WORK REQUIRED:
Please print the records below exactly as they are written.
---------- THE DATA
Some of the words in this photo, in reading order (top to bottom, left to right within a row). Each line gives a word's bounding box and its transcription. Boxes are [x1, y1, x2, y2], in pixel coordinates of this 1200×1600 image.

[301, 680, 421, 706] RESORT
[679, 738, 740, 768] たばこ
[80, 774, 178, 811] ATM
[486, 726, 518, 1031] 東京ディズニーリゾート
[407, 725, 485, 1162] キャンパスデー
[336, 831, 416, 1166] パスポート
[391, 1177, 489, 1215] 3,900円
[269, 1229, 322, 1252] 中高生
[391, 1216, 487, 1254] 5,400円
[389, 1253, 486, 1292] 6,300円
--------------------
ANSWER SECTION:
Some of the words in this photo, in reading order (top to bottom, left to right within a row). Each line gives a word's bounding box and its transcription. Boxes are [x1, y1, x2, y2], in pixel coordinates of this 1200×1600 image.

[301, 680, 421, 706] RESORT
[679, 738, 740, 768] たばこ
[80, 774, 178, 811] ATM
[486, 726, 518, 1031] 東京ディズニーリゾート
[407, 725, 485, 1162] キャンパスデー
[336, 831, 416, 1166] パスポート
[391, 1177, 489, 1215] 3,900円
[269, 1229, 322, 1252] 中高生
[391, 1216, 487, 1254] 5,400円
[389, 1253, 486, 1292] 6,300円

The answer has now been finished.